Aim of the task = Your copy should match the records below exactly, except for the pictures.

Exercise input =
********************
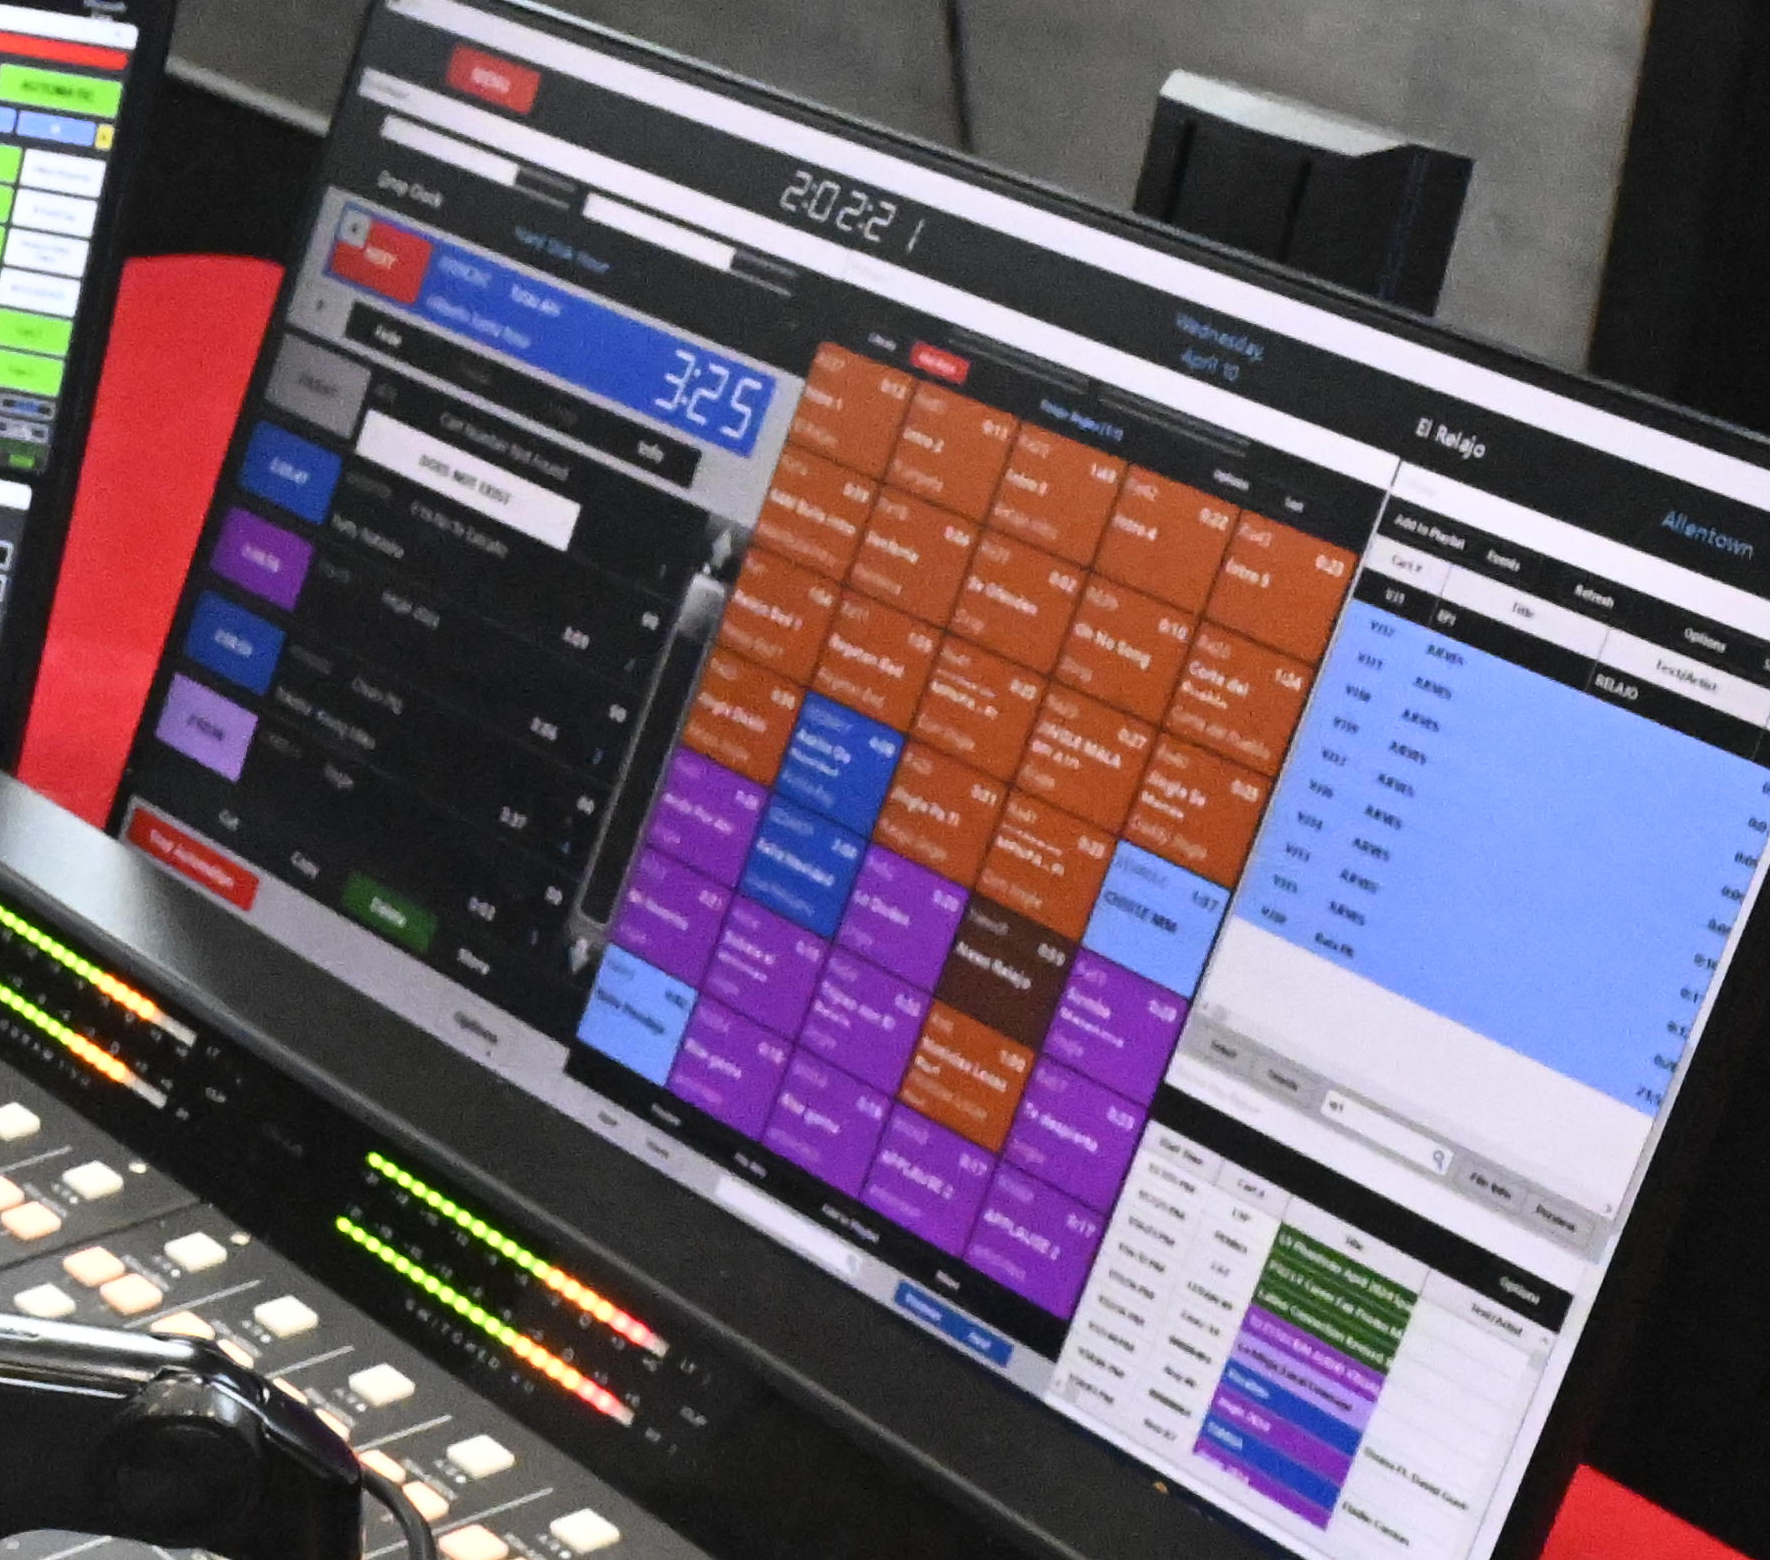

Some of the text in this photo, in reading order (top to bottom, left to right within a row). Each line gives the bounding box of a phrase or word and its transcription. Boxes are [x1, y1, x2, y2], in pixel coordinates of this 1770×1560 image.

[1177, 344, 1220, 378] April
[652, 344, 764, 445] 3:25
[1413, 415, 1489, 463] El Relajo
[450, 467, 478, 492] NOT
[1659, 506, 1758, 563] Allentown
[1681, 624, 1729, 656] Options
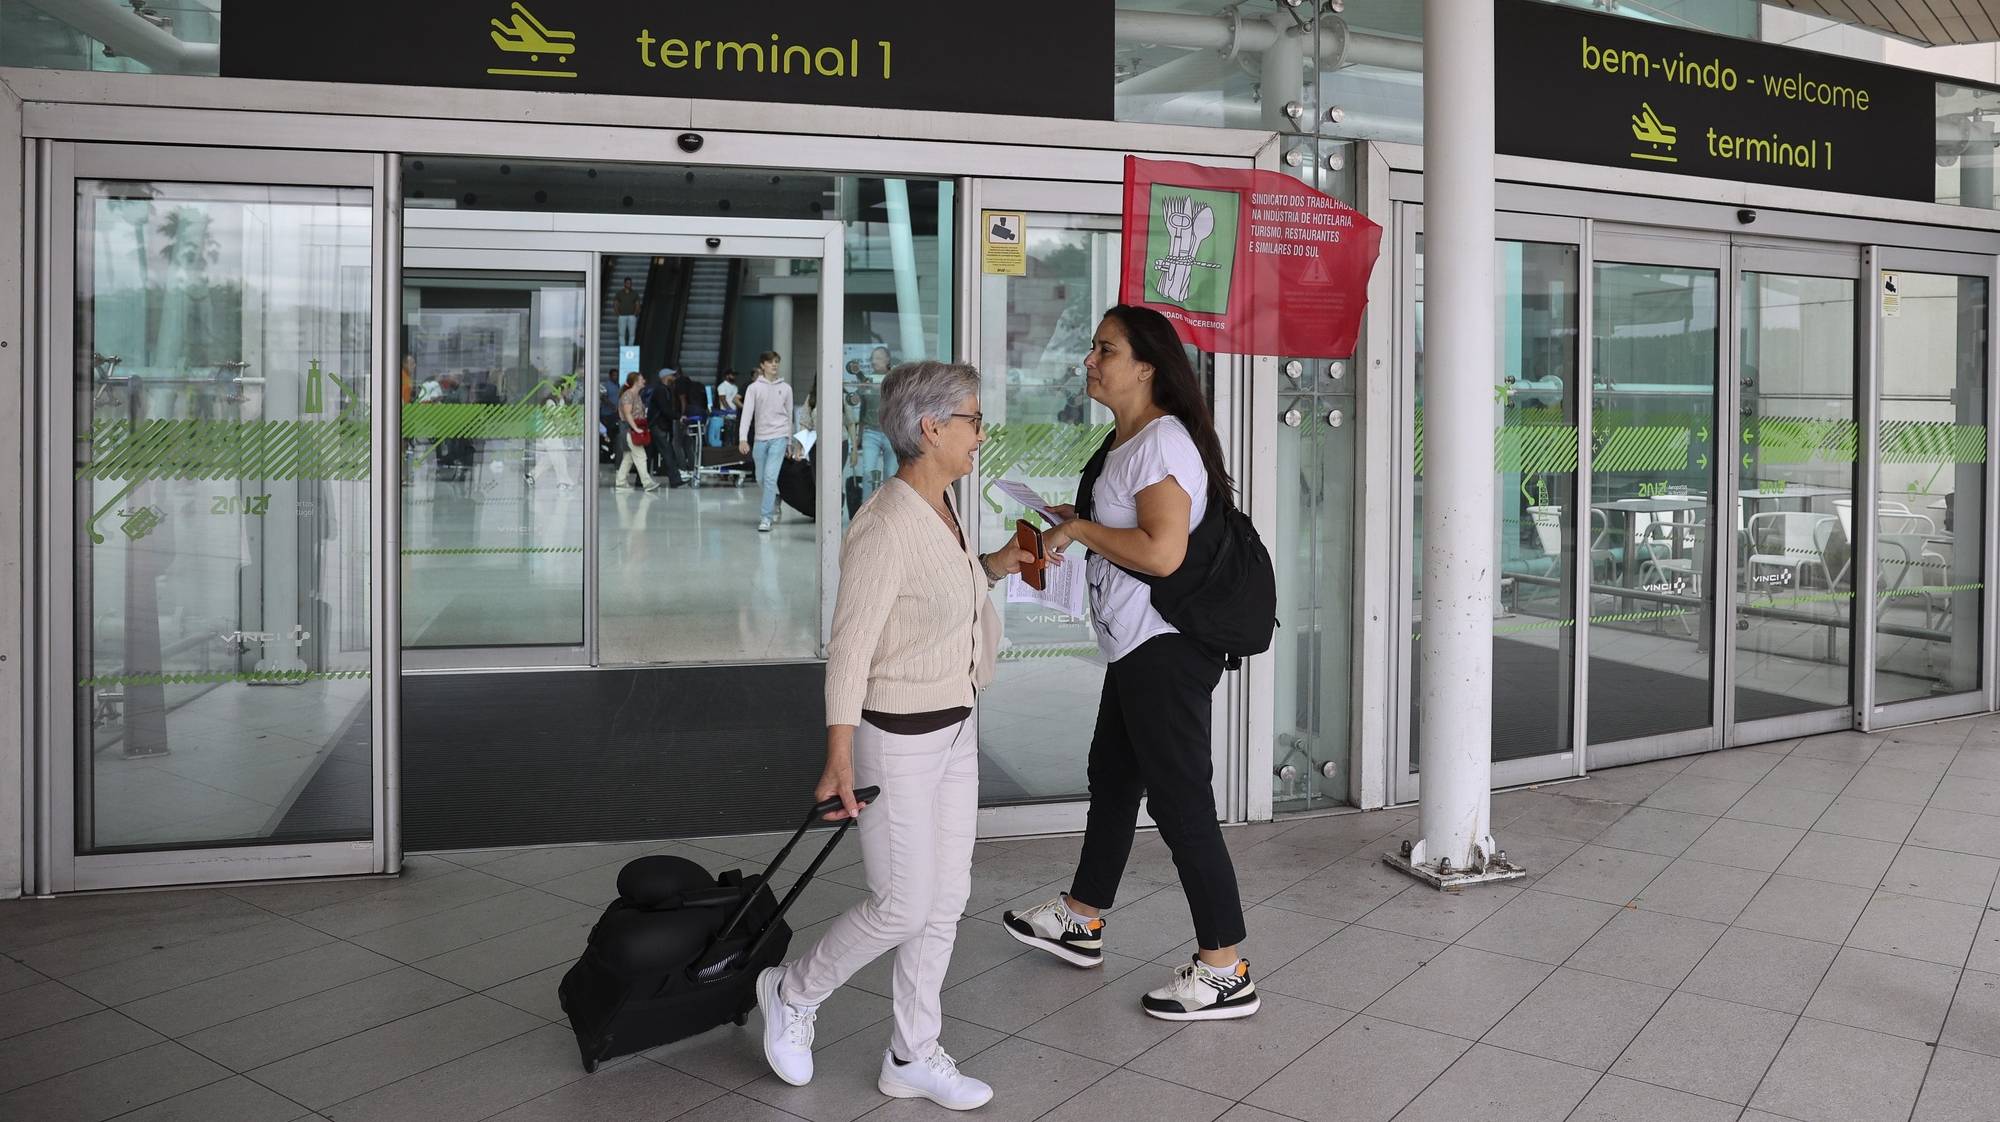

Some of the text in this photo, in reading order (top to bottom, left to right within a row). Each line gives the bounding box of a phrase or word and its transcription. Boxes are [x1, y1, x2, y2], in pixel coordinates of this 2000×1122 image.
********************
Answer to this exercise =
Some of the text in this photo, in reading order (top to bottom, left to right within a row). Each line gives the bounding box of a phrase or word and its transcription. Boxes are [x1, y1, x2, y2], in pixel coordinates of this 1770×1560 image.

[1177, 344, 1220, 378] April
[652, 344, 764, 445] 3:25
[1413, 415, 1489, 463] El Relajo
[450, 467, 478, 492] NOT
[1659, 506, 1758, 563] Allentown
[1681, 624, 1729, 656] Options

Some of the text in this photo, in reading order (top to bottom, left to right within a row). Each line gives the bounding box of a phrase or word and its transcription. Boxes are [x1, y1, x2, y2], in pixel coordinates of this 2000×1122 image.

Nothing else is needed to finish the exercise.